* **The problem**:
Transcribe every record in full, keeping it exactly the same.

* **Exercise material**:
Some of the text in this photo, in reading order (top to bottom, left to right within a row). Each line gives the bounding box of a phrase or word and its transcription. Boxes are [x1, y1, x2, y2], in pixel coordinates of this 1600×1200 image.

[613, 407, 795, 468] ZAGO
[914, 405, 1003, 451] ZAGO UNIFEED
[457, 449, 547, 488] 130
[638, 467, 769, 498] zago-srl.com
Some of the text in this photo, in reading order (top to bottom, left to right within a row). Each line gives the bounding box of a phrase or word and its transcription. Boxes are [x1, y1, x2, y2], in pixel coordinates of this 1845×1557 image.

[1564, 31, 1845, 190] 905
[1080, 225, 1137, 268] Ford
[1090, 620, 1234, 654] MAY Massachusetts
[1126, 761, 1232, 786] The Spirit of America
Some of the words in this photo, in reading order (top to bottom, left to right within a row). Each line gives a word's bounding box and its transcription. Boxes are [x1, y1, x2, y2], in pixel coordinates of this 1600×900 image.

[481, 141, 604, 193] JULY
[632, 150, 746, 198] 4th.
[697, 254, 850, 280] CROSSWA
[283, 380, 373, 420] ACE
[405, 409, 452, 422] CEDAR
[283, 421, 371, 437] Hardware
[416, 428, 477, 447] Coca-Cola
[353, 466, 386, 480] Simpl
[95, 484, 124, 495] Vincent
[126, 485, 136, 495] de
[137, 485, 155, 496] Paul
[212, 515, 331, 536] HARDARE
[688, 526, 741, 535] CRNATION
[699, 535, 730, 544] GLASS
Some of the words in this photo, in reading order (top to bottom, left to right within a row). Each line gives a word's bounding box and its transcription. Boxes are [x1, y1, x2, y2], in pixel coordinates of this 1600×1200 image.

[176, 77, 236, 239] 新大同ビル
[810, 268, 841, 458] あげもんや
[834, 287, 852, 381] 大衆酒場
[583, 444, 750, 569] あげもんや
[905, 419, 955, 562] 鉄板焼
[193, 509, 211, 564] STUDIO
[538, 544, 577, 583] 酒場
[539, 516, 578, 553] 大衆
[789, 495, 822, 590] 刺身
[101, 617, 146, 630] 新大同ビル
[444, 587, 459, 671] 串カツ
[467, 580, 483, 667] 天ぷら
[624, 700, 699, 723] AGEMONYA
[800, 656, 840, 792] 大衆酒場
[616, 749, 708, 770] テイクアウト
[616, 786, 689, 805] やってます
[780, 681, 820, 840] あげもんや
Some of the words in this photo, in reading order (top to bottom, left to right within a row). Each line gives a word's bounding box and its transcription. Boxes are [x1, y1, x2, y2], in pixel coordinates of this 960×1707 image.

* **Answer section**:
Some of the text in this photo, in reading order (top to bottom, left to right within a row). Each line gives the bounding box of a phrase or word and its transcription. Boxes are [x1, y1, x2, y2], in pixel coordinates of this 1600×1200 image.

[613, 407, 795, 468] ZAGO
[914, 405, 1003, 451] ZAGO UNIFEED
[457, 449, 547, 488] 130
[638, 467, 769, 498] zago-srl.com
Some of the text in this photo, in reading order (top to bottom, left to right within a row). Each line gives the bounding box of a phrase or word and its transcription. Boxes are [x1, y1, x2, y2], in pixel coordinates of this 1845×1557 image.

[1564, 31, 1845, 190] 905
[1080, 225, 1137, 268] Ford
[1090, 620, 1234, 654] MAY Massachusetts
[1126, 761, 1232, 786] The Spirit of America
Some of the words in this photo, in reading order (top to bottom, left to right within a row). Each line gives a word's bounding box and its transcription. Boxes are [x1, y1, x2, y2], in pixel coordinates of this 1600×900 image.

[481, 141, 604, 193] JULY
[632, 150, 746, 198] 4th.
[697, 254, 850, 280] CROSSWA
[283, 380, 373, 420] ACE
[405, 409, 452, 422] CEDAR
[283, 421, 371, 437] Hardware
[416, 428, 477, 447] Coca-Cola
[353, 466, 386, 480] Simpl
[95, 484, 124, 495] Vincent
[126, 485, 136, 495] de
[137, 485, 155, 496] Paul
[212, 515, 331, 536] HARDARE
[688, 526, 741, 535] CRNATION
[699, 535, 730, 544] GLASS
Some of the words in this photo, in reading order (top to bottom, left to right within a row). Each line gives a word's bounding box and its transcription. Boxes are [x1, y1, x2, y2], in pixel coordinates of this 1600×1200 image.

[176, 77, 236, 239] 新大同ビル
[810, 268, 841, 458] あげもんや
[834, 287, 852, 381] 大衆酒場
[583, 444, 750, 569] あげもんや
[905, 419, 955, 562] 鉄板焼
[193, 509, 211, 564] STUDIO
[538, 544, 577, 583] 酒場
[539, 516, 578, 553] 大衆
[789, 495, 822, 590] 刺身
[101, 617, 146, 630] 新大同ビル
[444, 587, 459, 671] 串カツ
[467, 580, 483, 667] 天ぷら
[624, 700, 699, 723] AGEMONYA
[800, 656, 840, 792] 大衆酒場
[616, 749, 708, 770] テイクアウト
[616, 786, 689, 805] やってます
[780, 681, 820, 840] あげもんや
Some of the words in this photo, in reading order (top to bottom, left to right within a row). Each line gives a word's bounding box and its transcription. Boxes are [x1, y1, x2, y2], in pixel coordinates of this 960×1707 image.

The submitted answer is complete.